The only catch is that standard settings will automatically downloaded apps to a phone’s internal storage, meaning it can fill up quickly. When the internal storage gets full, it can slow down your phone. To get around that, you might want to transfer apps to your SD card instead.

There’s no need to worry, moving apps to the SD card on your Android phone is pretty simple. You can either move them to an SD card storage manually or use an app.

 

Before you start moving apps to your SD card

Unfortunately, not all apps can be transferred to the SD card. Most apps that come preloaded onto your phone cannot be moved, along with some other apps, depending on the developer and what phone you have.

It’s also important to note that apps may run slower when stored on your SD card, compared to when they are stored in your Android’s internal storage.

Also, if you want to transfer over all your apps (and do so in bulk) on your SD card, you will need to root your Android device. Rooting isn’t for everyone however, so I will focus on methods that work on an unrooted phone.

If you do want to transfer your apps, there are a couple of methods.

 

Method 1: Manually moving apps to your SD card using Android’s application manager

It’s not difficult to transfer your apps manually but it can be a bit painstaking. Apps need to be moved individually. There isn’t a way to move a group of apps in one go on an unrooted phone.

If you want to move an app, open up your device’s settings menu and then tap on Apps. Your phone should then show a list of your apps.
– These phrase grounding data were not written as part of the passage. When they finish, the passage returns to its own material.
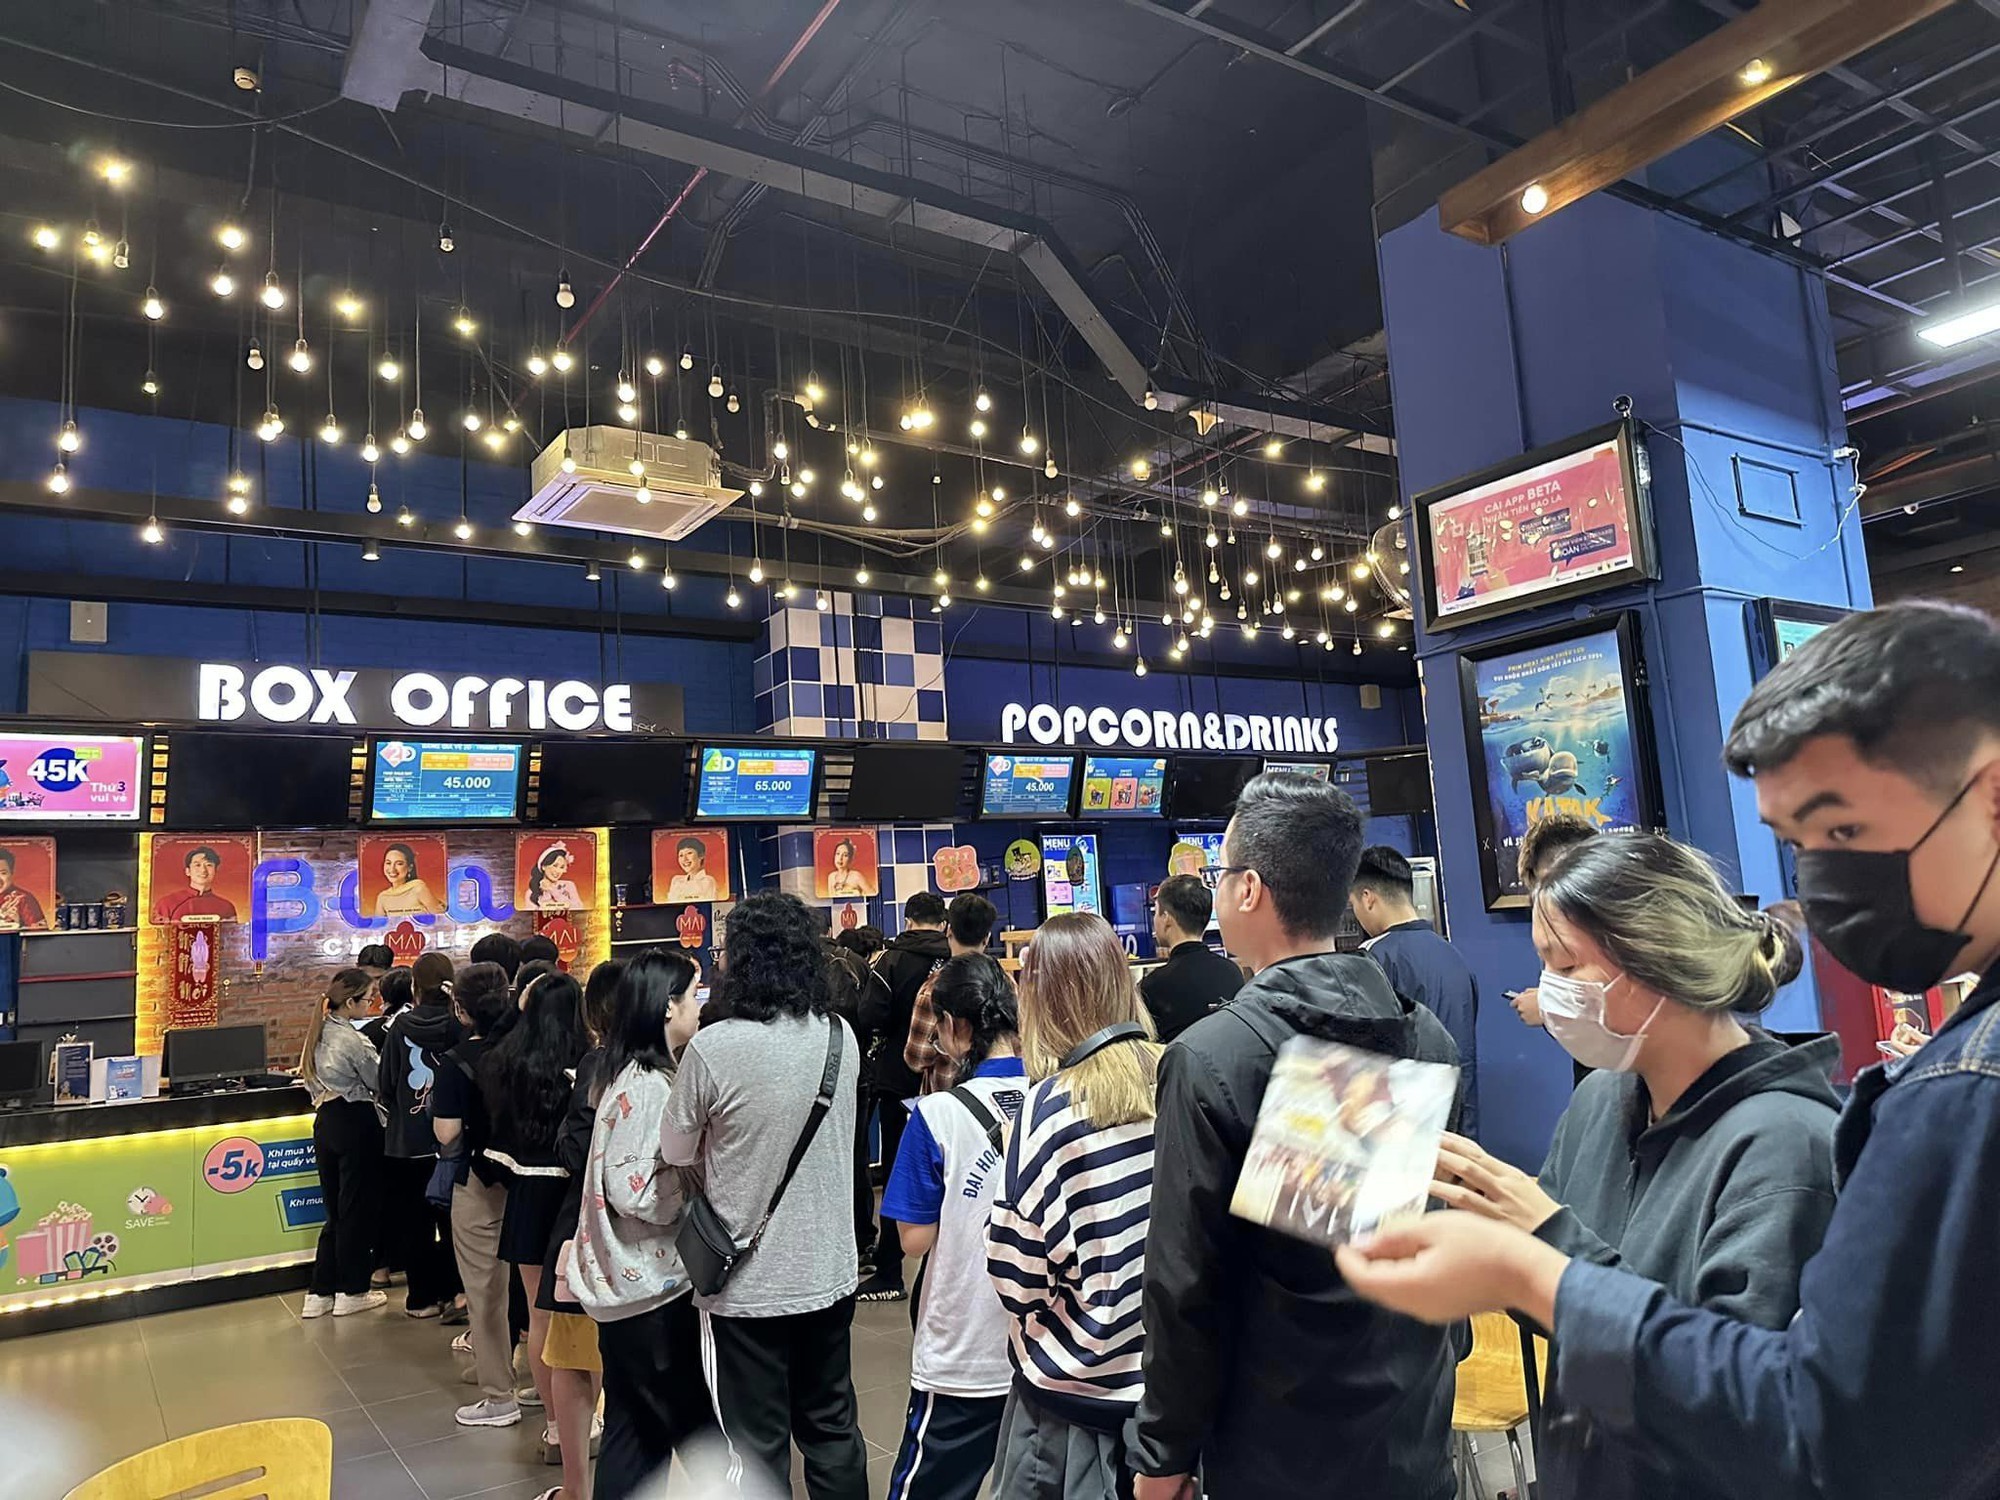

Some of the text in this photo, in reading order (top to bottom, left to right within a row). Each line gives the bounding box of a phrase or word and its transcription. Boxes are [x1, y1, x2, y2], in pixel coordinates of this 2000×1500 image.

[1505, 494, 1525, 507] APP
[1527, 480, 1561, 500] BETA
[199, 663, 632, 732] BOX OFFICE
[1001, 702, 1338, 753] POPCORN&DRINKS
[27, 759, 90, 782] 45K
[443, 776, 491, 789] 45.000
[754, 780, 792, 791] 65.000
[1025, 782, 1054, 792] 45.000
[90, 793, 109, 802] vui
[1043, 838, 1071, 848] MENU
[1179, 837, 1204, 847] MENU
[681, 916, 703, 931] MAI
[388, 934, 422, 950] MAI
[268, 1148, 284, 1158] Khi
[284, 1148, 304, 1157] mua
[208, 1149, 260, 1181] -5k
[963, 1172, 984, 1199] ĐẠI
[290, 1198, 305, 1208] Khi
[125, 1217, 155, 1229] SAVE
See apps you might want to move to SD storage

 

Tap on the app you want to move to the SD card. This will take you to the App info, where you can see everything about the app.

If you scroll down, you will see a button called Move. Tap on that to move the app to your SD card. If the button is greyed out, it means you’re unable to move that app to your SD card.
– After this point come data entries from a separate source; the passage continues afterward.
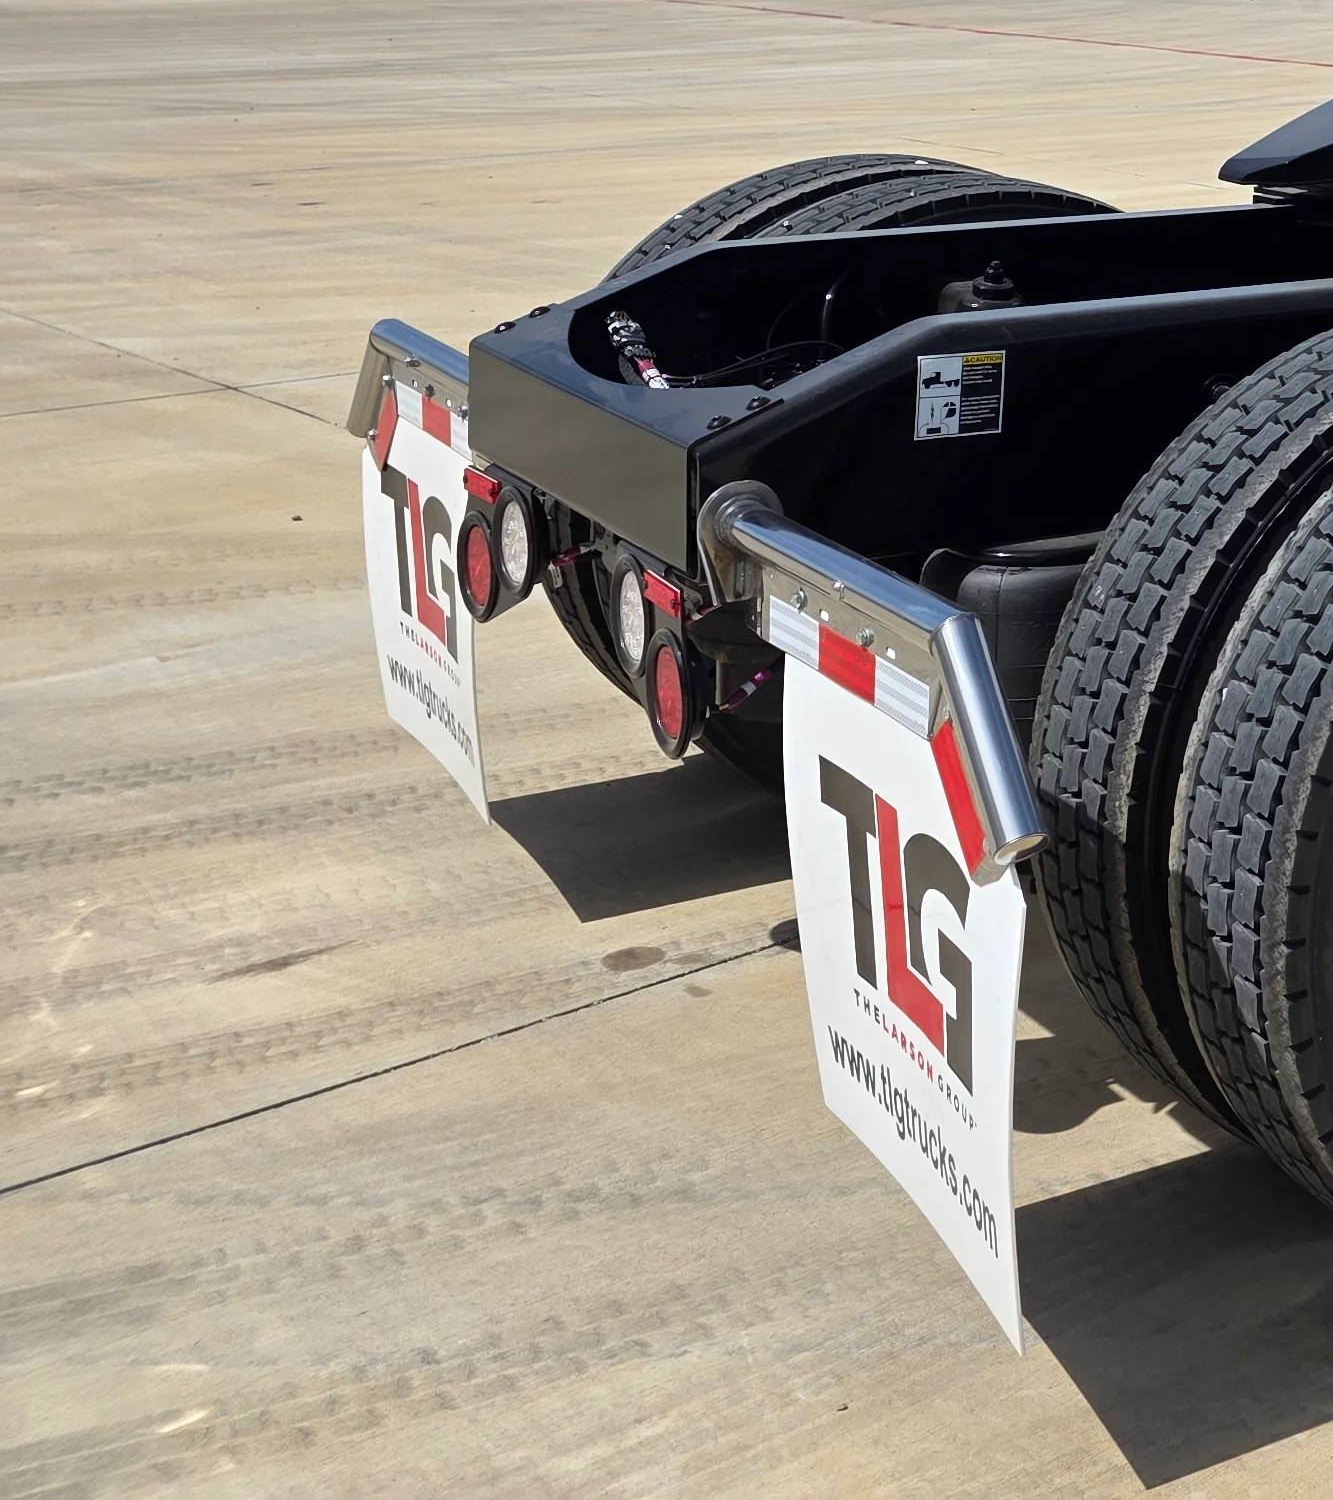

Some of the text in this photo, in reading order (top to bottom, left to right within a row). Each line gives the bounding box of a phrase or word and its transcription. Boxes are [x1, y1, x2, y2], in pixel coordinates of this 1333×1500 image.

[970, 355, 1002, 363] CAUTION
[381, 463, 459, 665] TLG
[387, 655, 475, 768] www.tlgtrucks.com
[818, 754, 973, 1097] TLG
[828, 1025, 999, 1259] www.tlgtrucks.com
[938, 1074, 974, 1130] GROUP
Tap the move button to transfer apps to SD storage

 

Note: Apps can also be moved back to your phone’s internal storage using the same method.

 

Method 2: Use an app to transfer (other) apps to your SD card

Unfortunately, even using an app won’t allow you to move apps in bulk, however it will be able to tell you which apps it is possible to move. This process at least removes the extra step of having to check each app individually.

Another solution for moving apps to SD card storage

 

There are a few apps you can use, but we’ll use AppMgr III (App 2 SD) as an example. If you decide to download the app, it will show you which apps can be moved to your SD card under the heading Movable.

See which apps can be transferred to the SD card

 

To transfer one of the apps, tap on it and then confirm that you want to move it. Doing that will take you to the App info screen as in Method 1. There, you can tap on Move and the app will be transferred to your Android’s SD card.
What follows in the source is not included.